Rampton and Stauber explain how TASSC was set up by PR company Burson Masteller and Philip Morris:

Due to the publicity associated with Burson-Marsteller's role in setting up the NSA [national smokers Alliance], Philip Morris executives felt that it was best to select some other PR firm to handle the launch of TASSC. They settled on APCO Associates, a subsidiary of the international advertising and PR firm of GCI/Grey Associates, which agreed to "organize coalition efforts to provide information with respect to the ETS issues to the media and to public officials" in exchange for a monthly retainer of $37,500 plus expenses.

The purpose of TASSC, as described in a memo from APCO's Tom Hockaday and Neal Cohen, was to "link the tobacco issue with other more 'politically correct' products"--in other words, to make the case that efforts to regulate tobacco were based on the same "junk science" as efforts to regulate food additives, automobile emissions and other industrial products that had not yet achieved tobacco's pariah status”.[2]


In its pilot year, PM budgeted $880,000 in funding for TASSC. Both Philip Morris and Lorillard Tobacco were members of TASSC.[36]

In 1998 its Advisory Board included:[37]

Other known sceptics on the advisory board at different times included: Hugh Ellsaesser, Patrick Michaels, and Alan Moghissi,[38] ACSH executive director Michael Fox,[39] and S. Fred Singer, and Michael Sanera.[40]

Corporate supporters included: 3M, Amoco, Chevron, Dow Chemical, Exxon, General Motors, Occidental Petroleum, Philip Morris, Proctor & Gamble and W.R. Grace[41].

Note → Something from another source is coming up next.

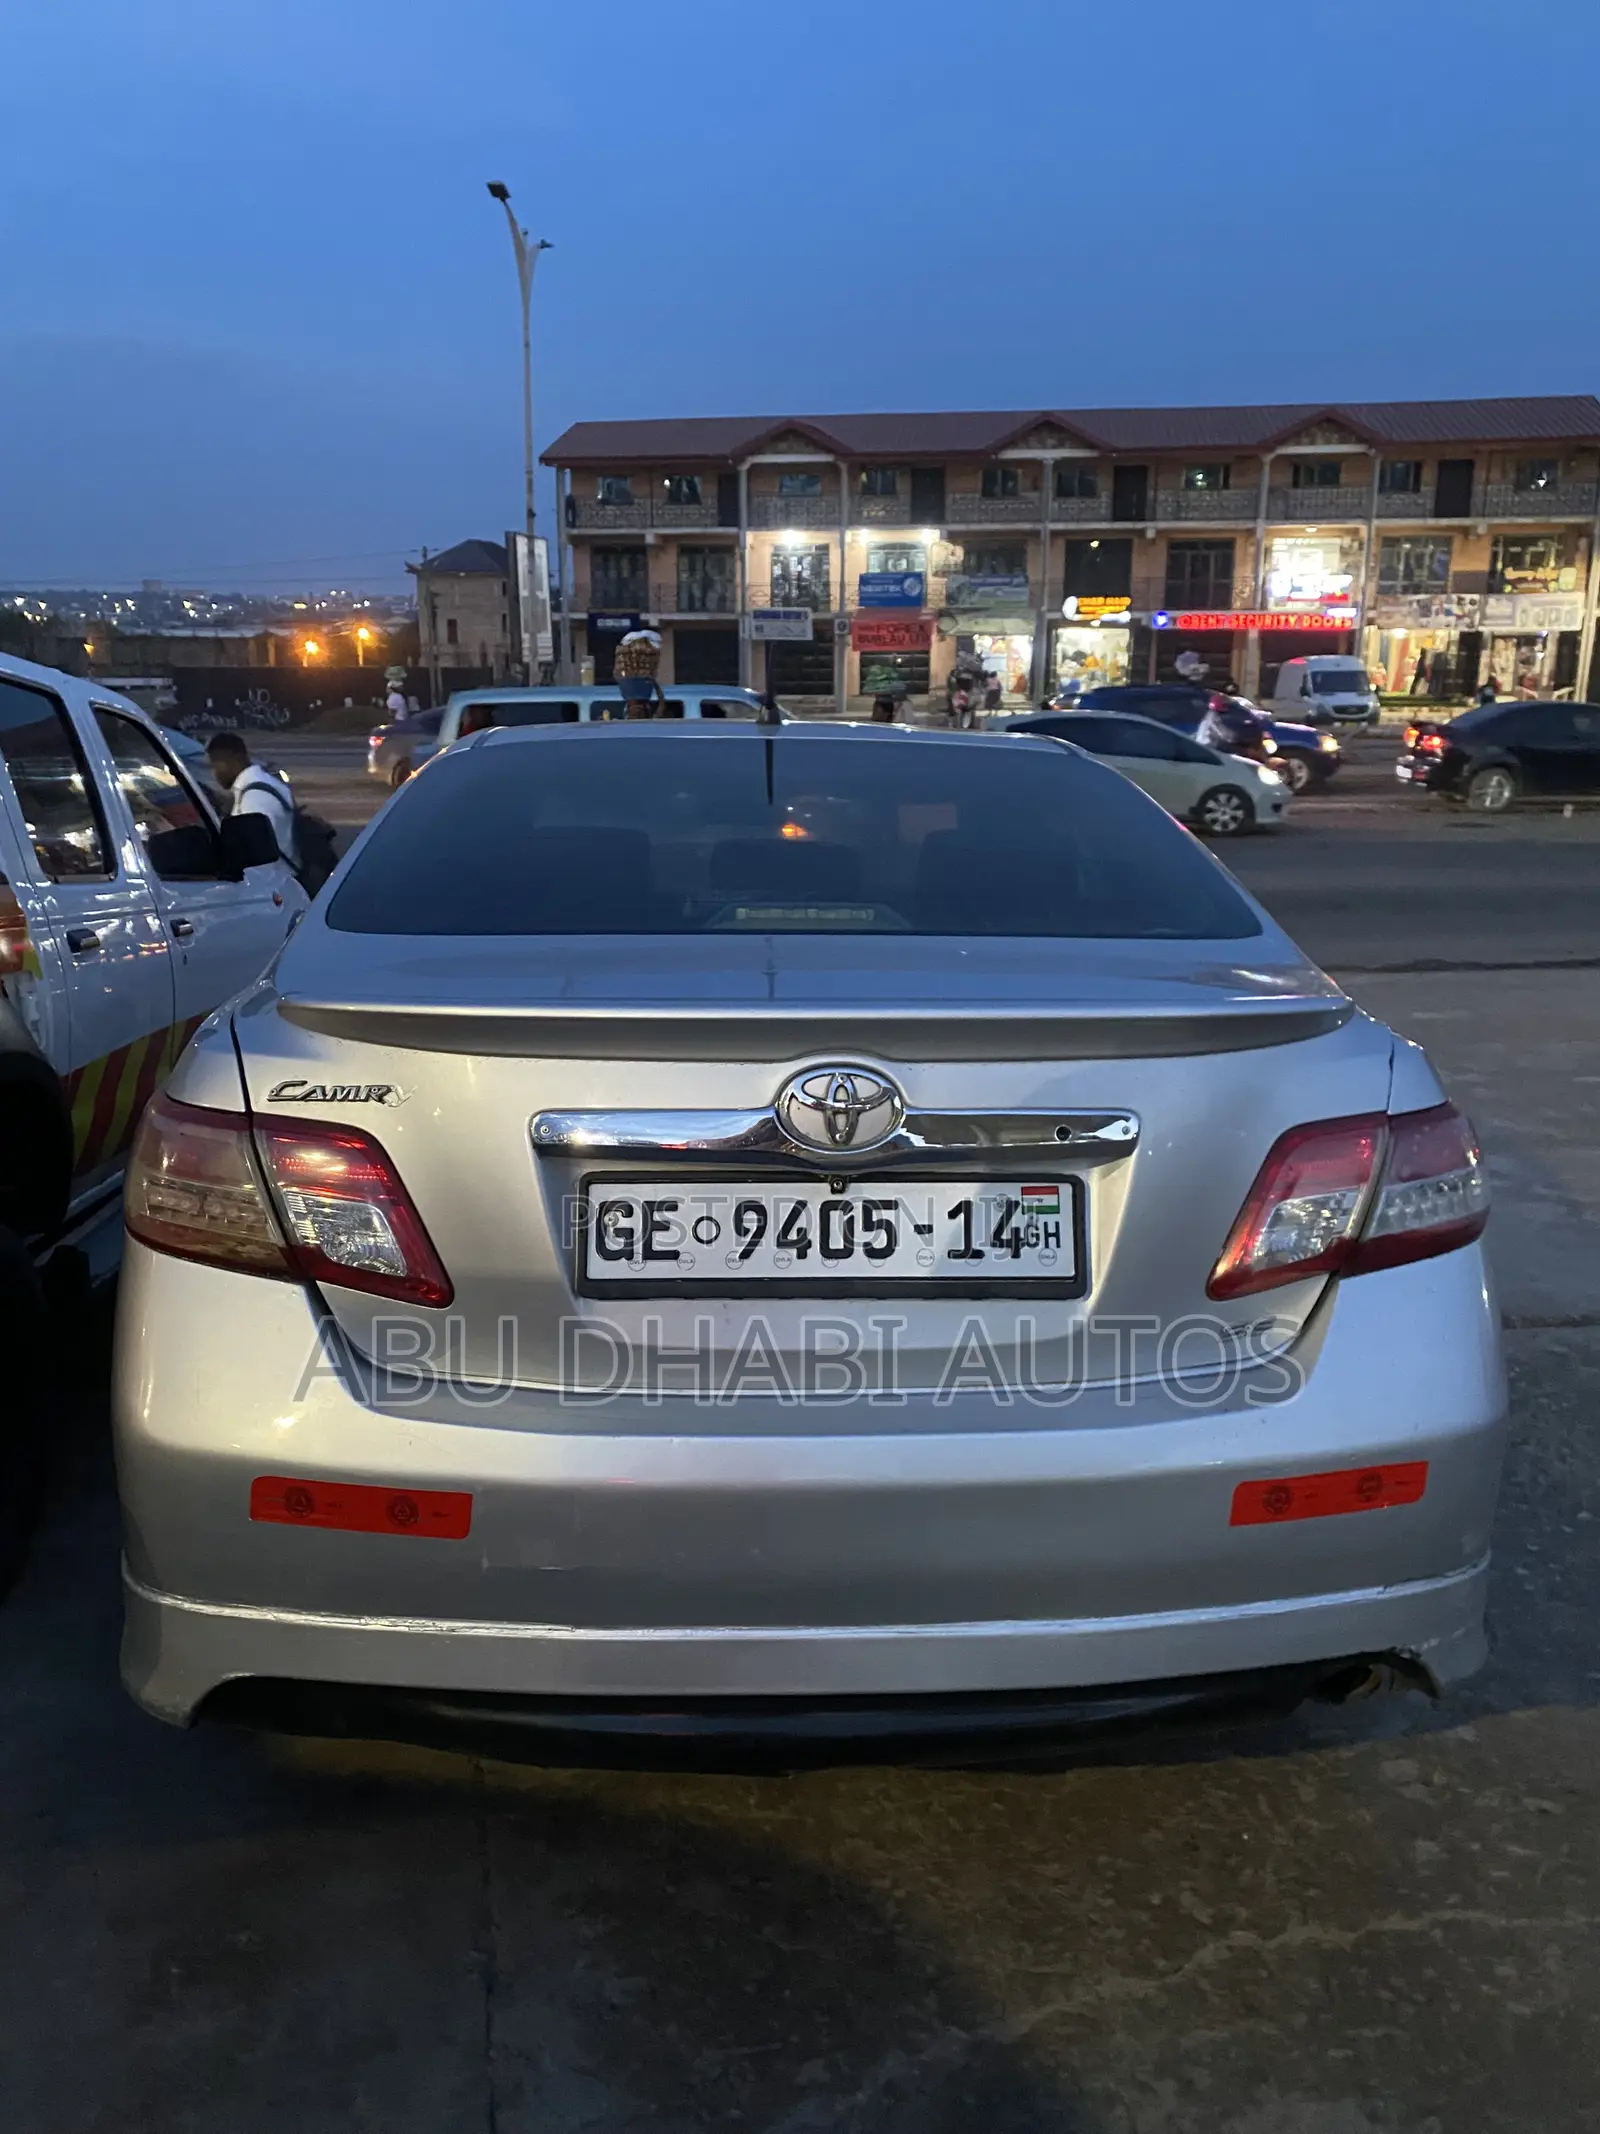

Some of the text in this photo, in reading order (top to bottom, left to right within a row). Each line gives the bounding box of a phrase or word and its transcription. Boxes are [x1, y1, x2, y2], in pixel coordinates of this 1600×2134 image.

[1230, 614, 1298, 629] SECURITY
[1302, 614, 1352, 629] DOORS
[595, 1199, 681, 1261] GE
[1023, 1220, 1062, 1250] GH

Spurred on by the success of TASSC, Philip Morris look to set up a similar organisation in Europe. “In consultation with APCO and Burson-Marsteller, the company began planning to set up a second, European organization, tentatively named "Scientists for Sound Public Policy" (later renamed the European Science and Environment Forum). Like TASSC, the European organization would attempt to smuggle tobacco advocacy into a larger bundle of "sound science" issues, including the "ban on growth hormone for livestock; ban on [genetically-engineered bovine growth hormone] to improve milk production; pesticide restrictions; ban on indoor smoking; restrictions on use of chlorine; ban on certain pharmaceutical products; restrictions on the use of biotechnology[42].” ESEF would become a key part of the anti-green and health backlash in Europe.

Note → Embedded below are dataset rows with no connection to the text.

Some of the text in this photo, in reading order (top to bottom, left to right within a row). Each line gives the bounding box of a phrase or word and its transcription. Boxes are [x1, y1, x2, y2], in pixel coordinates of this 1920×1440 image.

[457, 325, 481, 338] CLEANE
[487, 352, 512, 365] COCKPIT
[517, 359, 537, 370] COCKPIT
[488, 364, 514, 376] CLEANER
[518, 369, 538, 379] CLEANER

Tellingly the groups have worked together. In December 1997, they issued a joint press release stating: “The Advancement of Sound Science Coalition (TASSC) and the European Science and Environment Forum (ESEF) today announced that more than 500 physicians and scientists have signed an open letter to world leaders opposing the climate change treaty now being negotiated in Kyoto, Japan …TASSC and ESEF are not-for-profit organizations of scientists, former public policy officials and others interested in the use of sound science in public policy.”[43]

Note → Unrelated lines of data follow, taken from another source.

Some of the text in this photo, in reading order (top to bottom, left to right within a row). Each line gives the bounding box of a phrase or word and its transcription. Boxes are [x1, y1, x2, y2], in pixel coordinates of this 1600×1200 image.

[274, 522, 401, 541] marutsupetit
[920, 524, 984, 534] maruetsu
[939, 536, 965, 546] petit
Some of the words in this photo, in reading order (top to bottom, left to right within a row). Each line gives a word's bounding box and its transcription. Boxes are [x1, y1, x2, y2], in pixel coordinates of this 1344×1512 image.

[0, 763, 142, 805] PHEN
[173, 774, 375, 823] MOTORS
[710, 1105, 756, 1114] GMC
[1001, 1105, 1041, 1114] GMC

By 1997, the responsibility for TASSC moved from the APCO to the EOP Group, “a well-connected, Washington-based lobby firm whose clients have included the American Crop Protection Association (the chief trade association of the pesticide industry), the American Petroleum Institute, AT&T, the Business Roundtable, the Chlorine Chemistry Council, Dow Chemical Company, Edison Electric Institute (nuclear power), Fort Howard Corp. (a paper manufacturer), International Food Additives Council, Monsanto Co., National Mining Association, and the Nuclear Energy Institute. In March 1997, EOP lobbyist Steven Milloy, described in a TASSC news release as “a nationally known expert and author on environmental risk and regulatory policy issues”, became TASSC’s executive director[44].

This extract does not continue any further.